▸ PROBLEM DETAILS
Set down the data below word for word, and leave the images aside.
Segment Start: SUPPLIED RECORDS
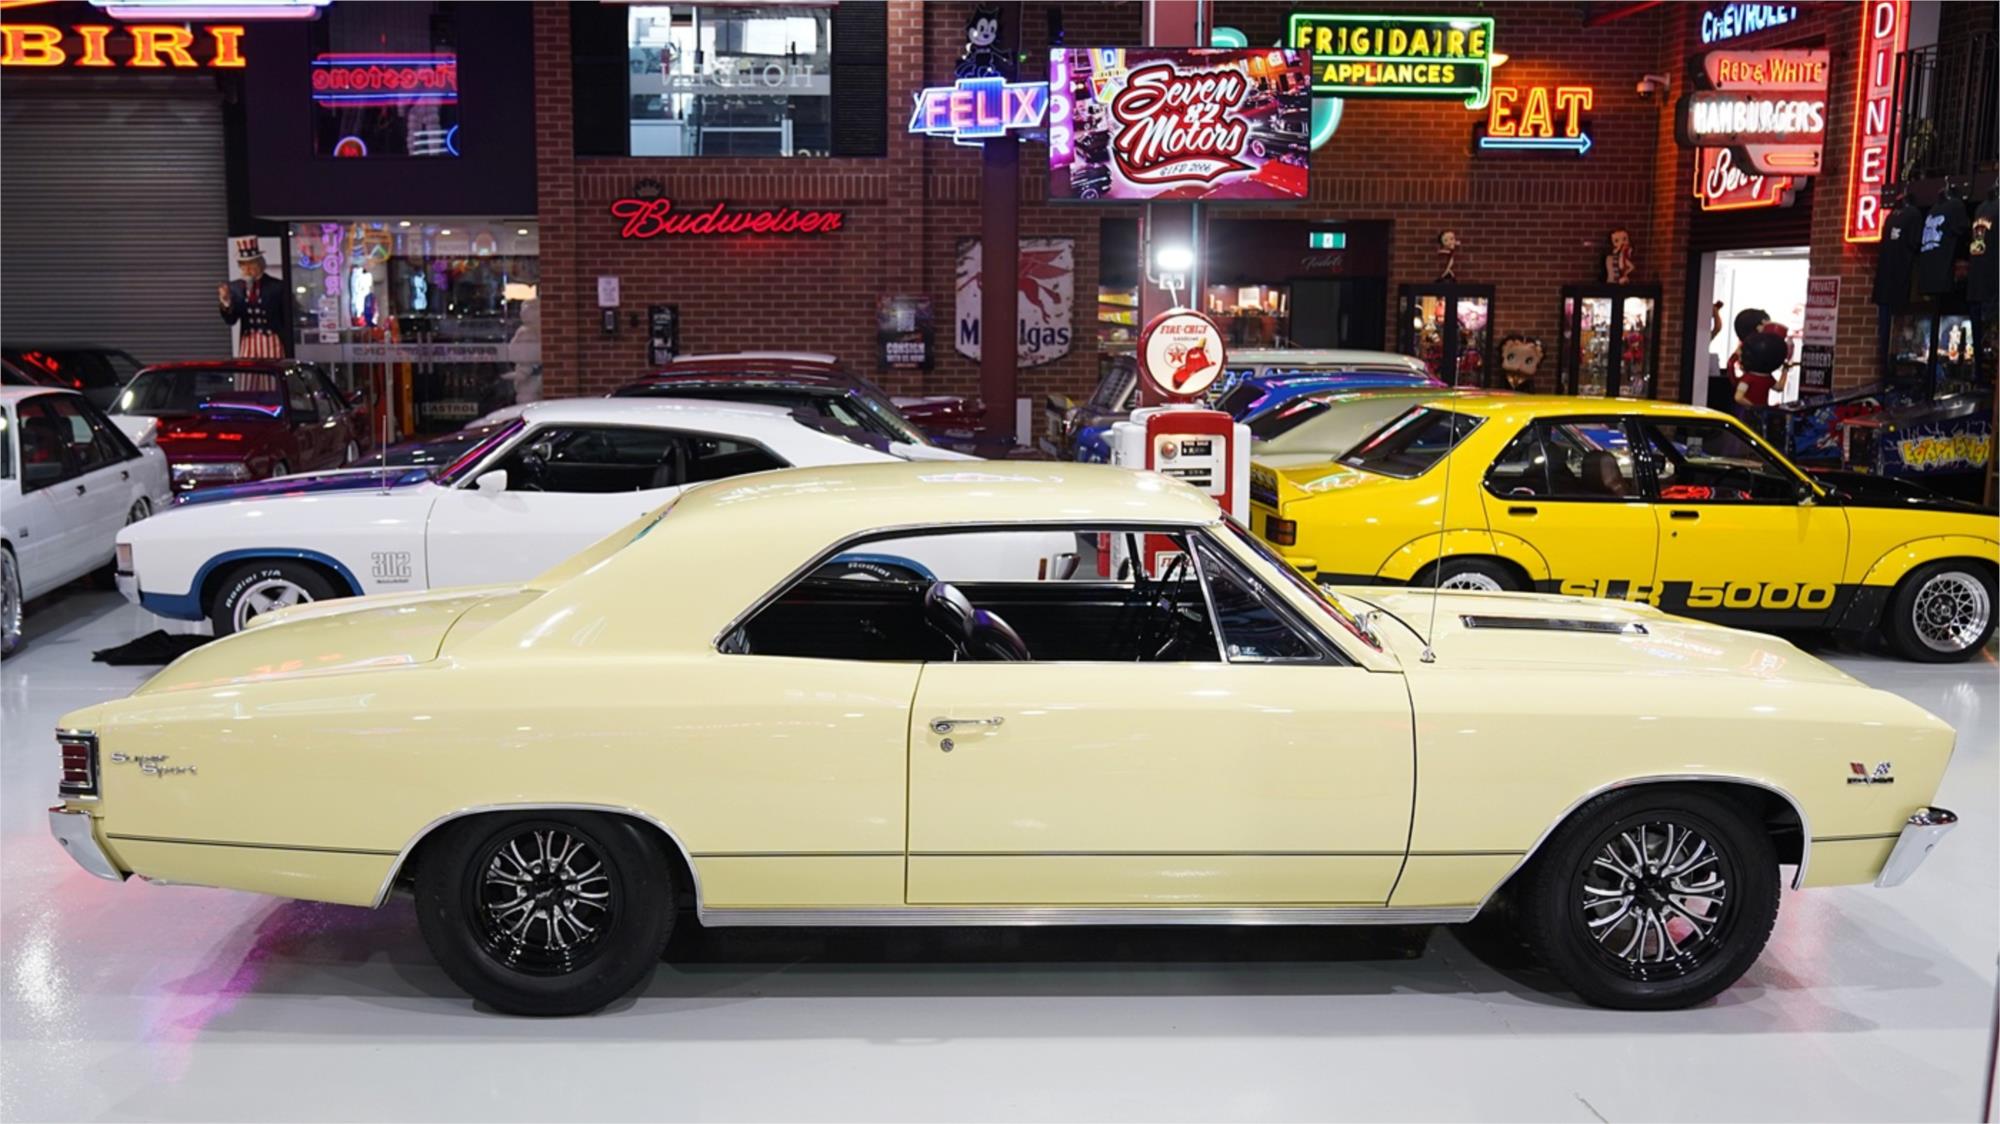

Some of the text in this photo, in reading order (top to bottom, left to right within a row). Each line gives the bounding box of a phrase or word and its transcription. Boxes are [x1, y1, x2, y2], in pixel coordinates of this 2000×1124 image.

[0, 24, 246, 67] BIRI
[1297, 26, 1486, 58] FRIGIDAIRE
[1323, 63, 1456, 83] APPLIANCES
[1720, 59, 1750, 81] RED
[1768, 59, 1823, 82] WHITE
[925, 89, 1040, 128] FELIX
[1118, 70, 1240, 121] Seven
[1488, 87, 1593, 137] EAT
[1183, 103, 1219, 124] 82
[1693, 100, 1824, 134] HAMBURGERS
[1856, 2, 1894, 230] DINER
[1120, 116, 1242, 165] Motors
[611, 198, 843, 239] Budweiser
[960, 318, 1069, 353] Mlgas
[371, 551, 412, 578] 302
[848, 561, 891, 578] Radial
[225, 569, 281, 608] Radial T/A
[1687, 581, 1836, 610] 5000
[111, 752, 170, 767] Super
[142, 762, 198, 778] Sport
Segment End: SUPPLIED RECORDS
▸ OUTPUT
Some of the text in this photo, in reading order (top to bottom, left to right within a row). Each line gives the bounding box of a phrase or word and its transcription. Boxes are [x1, y1, x2, y2], in pixel coordinates of this 2000×1124 image.

[0, 24, 246, 67] BIRI
[1297, 26, 1486, 58] FRIGIDAIRE
[1323, 63, 1456, 83] APPLIANCES
[1720, 59, 1750, 81] RED
[1768, 59, 1823, 82] WHITE
[925, 89, 1040, 128] FELIX
[1118, 70, 1240, 121] Seven
[1488, 87, 1593, 137] EAT
[1183, 103, 1219, 124] 82
[1693, 100, 1824, 134] HAMBURGERS
[1856, 2, 1894, 230] DINER
[1120, 116, 1242, 165] Motors
[611, 198, 843, 239] Budweiser
[960, 318, 1069, 353] Mlgas
[371, 551, 412, 578] 302
[848, 561, 891, 578] Radial
[225, 569, 281, 608] Radial T/A
[1687, 581, 1836, 610] 5000
[111, 752, 170, 767] Super
[142, 762, 198, 778] Sport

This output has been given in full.